Bu tabiat olaylarının yeraldığı bir
sahnedir. Bu olayların meydana getirdikleri korku, kalplerin
bu olaylar karşısında duydukları korku
somutlaştırılıyor. Bu sahnede sarsılmaz
dağlar hareket ediyor, yürüyor. Peki kalpler nasıl
ürpermez, dehşete kapılmaz. Bu sahnede yeryüzü çıplak
olarak beliriyor; her taraf ortadadır yeryüzünün.
Üzerinde tepe, çukur, dağ, vadi gibi hiçbir şey yok dümdüz
ortadadır. Kalplerin gizlilikleri de saklı hiçbir
şey kalmamak üzere bu şekilde ortaya dökülecektir.
Herhangi bir şeyin gözlenmesine, herhangi bir kimsenin
saklanmasına imkân vermeyecek şekilde dümdüz ve her
şeyiyle ortada bulunan bu yeryüzünde "Tek bir kişiyi
gözardı etmeksizin tüm insanları biraraya
toplarız."
Hiç kimseyi gözden kaçırmayan bu kapsamlı
toplantıdan, alınarak hepsi büyük bir meydana
götürülürler "Hepsi sıra sıra Rabbinin
huzuruna çıkarılırlar." İnsanların
dünya üzerine ayak basmalarından dünya hayatının
sonuna kadar yeryüzünde bulunan sayısız yaratık,
biraraya gelir, toplanır ve sıra sıra dizilirler.

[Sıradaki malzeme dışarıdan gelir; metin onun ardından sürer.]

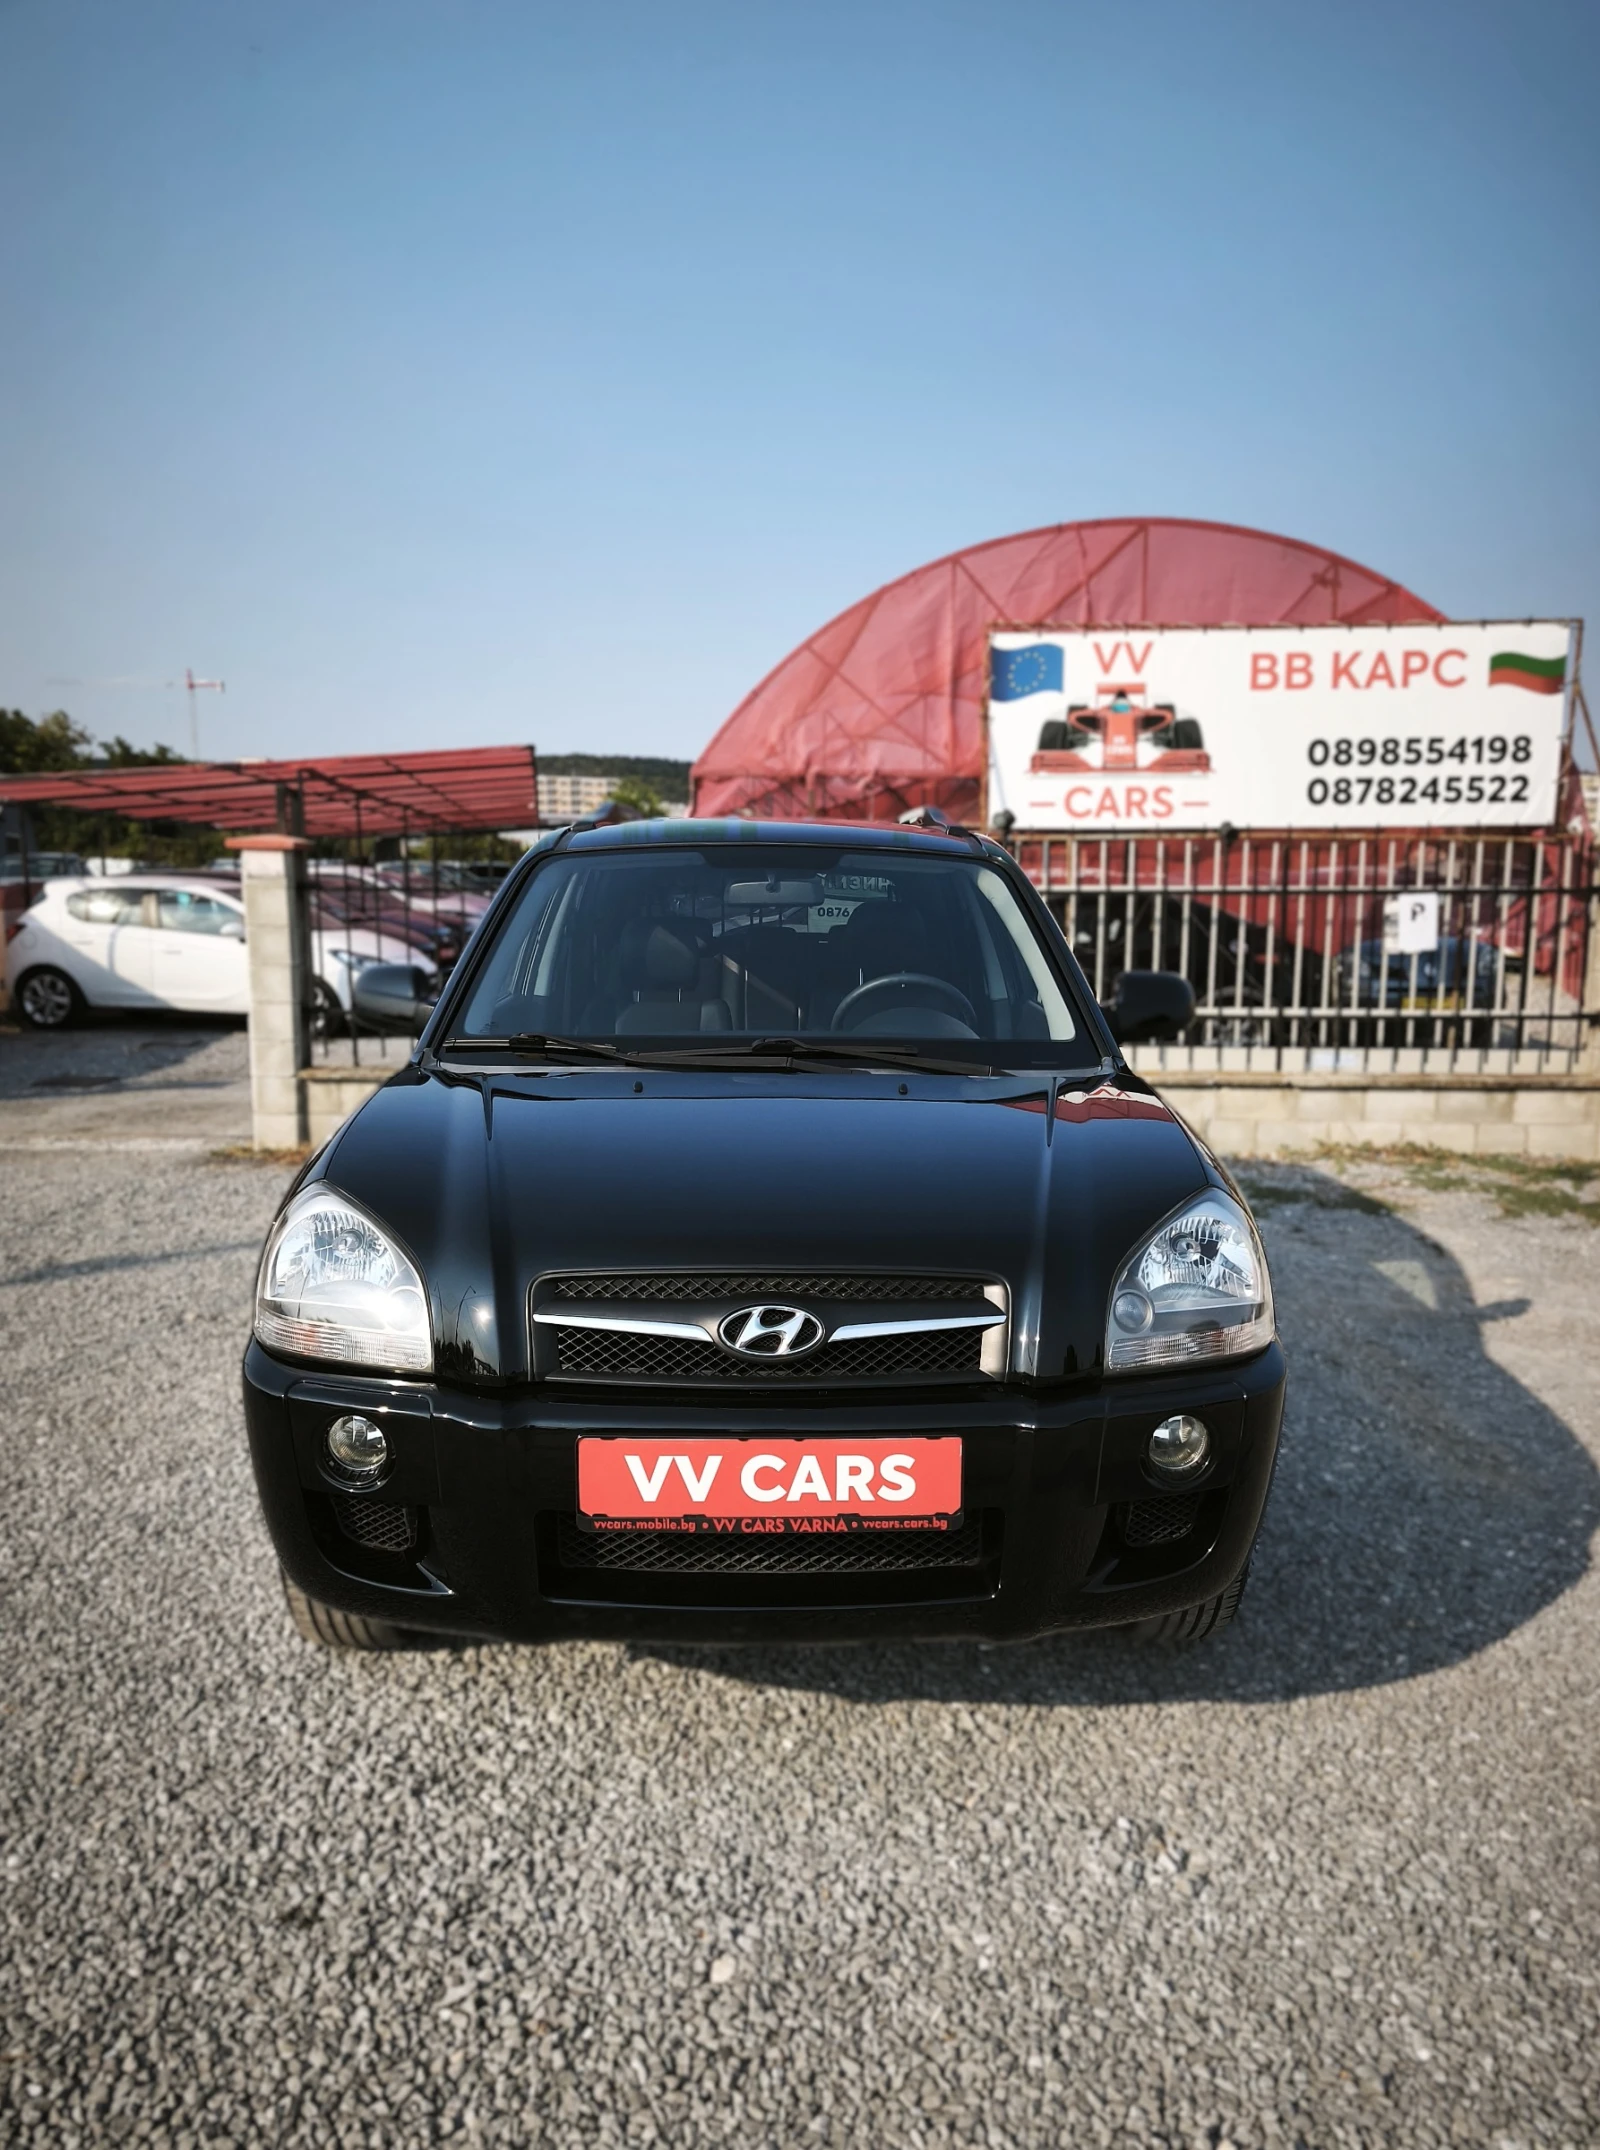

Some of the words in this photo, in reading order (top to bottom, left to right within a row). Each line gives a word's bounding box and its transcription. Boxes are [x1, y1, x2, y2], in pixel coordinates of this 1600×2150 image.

[1094, 642, 1153, 675] VV
[1331, 648, 1467, 690] КАРС
[1308, 736, 1533, 767] 0898554198
[1063, 786, 1174, 820] CARS
[1307, 775, 1530, 806] 0878245522
[624, 1454, 723, 1502] VV
[740, 1453, 916, 1503] CARS
[594, 1519, 696, 1532] vvcars.mobile.bg
[713, 1518, 736, 1533] VV
[740, 1518, 785, 1533] CARS
[789, 1517, 848, 1533] VARNA
[862, 1518, 948, 1531] vvcars.cars.bg

Hiçbiri bu toplantıya, bu sıraya katılmazlık
edemez. Çünkü yeryüzü hiç kimseye saklanma imkânı
vermeyecek şekilde her şeyiyle ortadadır ve dümdüz
hale getirilmiştir.
Bu noktada surenin akışı o günün niteliklerini
saymayı bir yana bırakıyor ve doğrudan
doğruya o geniş meydanda toplananlara hitap ediyor.
Sanki sahne şu anda gözlerimizin önünde yaşanıyor
gibi. Sahnede olup bitenleri adeta görüyor, konuşulanları
bizzat işitiyoruz gibi. Bu günü yalanlayan, böyle bir
şeyi inkâr edenlerin yüzlerindeki utanç ifadesini
görüyor gibiyiz. "Tıpkı ilk
yarattığımızda olduğu gibi şimdi
karşımıza çıktınız. Oysa benimle biç
karşılaşmayacağınızı
sanmıştınız."
O günün niteliklerinin anlatılmasından,
doğrudan toplananlara hitap etmeye yönelik bu dönüşüm,
sahneyi daha canlı hale getiriyor,
somutlaştırıyor. Sanki bu sahne gaybın
bilinmezlikleri içinde hesaplaşma gününde değil de
şu anda karşımızdaymış gibi.
Yüzlerdeki utanç ifadesini, çehrelere yansıyan
aşağılanmışlık belirtilerini
ayrıca bu suçlulara azarlayıcı bir üslupla hitap
eden ulu ve dehşet verici sesi çok yakından hissediyor
ve görüyor gibiyiz. "Tıpkı ilk
yarattığımızda olduğunuz gibi şimdi
karşımıza çıktınız." Ama
siz böyle bir şeyin olmayacağını
sanıyordunuz. "Oysa benimle hiç karşılaşmayacağınızı
sanmıştınız."
Bir olayı tanımlama üslubundan direkt hitap
üslubuna geçmek suretiyle sahne canlı ve hareketli hale
getirildikten sonra surenin akışı tekrar orada olup
bitenleri anlatmaya başlıyor:
"İnsanların amel defterleri (çalışma
karneleri) ortaya getirilmiştir. Günahkârların bu
defterlerin yazılarını korku dolu gözlerle
incelediklerini görürsün." İşte bu önlerine
konan, onların dünya hayatlarındaki çalışma
karnesidir, amel defteridir. Bu defteri inceliyorlar, evirip
çeviriyorlar, her şey var defterde. Son derece kapsamlı,
iğneden ipliğe, her şeyi içeren incelikli bir
defter. Bunu görür görmez başlarına gelecek
akıbetten korkmaya başlıyorlar. Hiçbir şeyi gözden
kaçırmayan hiçbir davranışı atlamayan bu
defteri inceleyince içleri daralıyor,
sıkılıyorlar. "Vay başımıza
gelenlere! Ne biçim deftermiş bu, küçük-büyük hiçbir
davranışımızı atlamadan sayıp dökmüş"
derler." Bu, yürek acısından kaynaklanan,
öfke dolu ve en kötü akıbete çarptırılacağının
bilincinde olan birinin söyleyeceği sözdür. Çünkü kıskıvrak
yakalanmış, her şey ortaya dökülmüştür.
Bir tarafa kaçması, kıvırması mümkün değildir.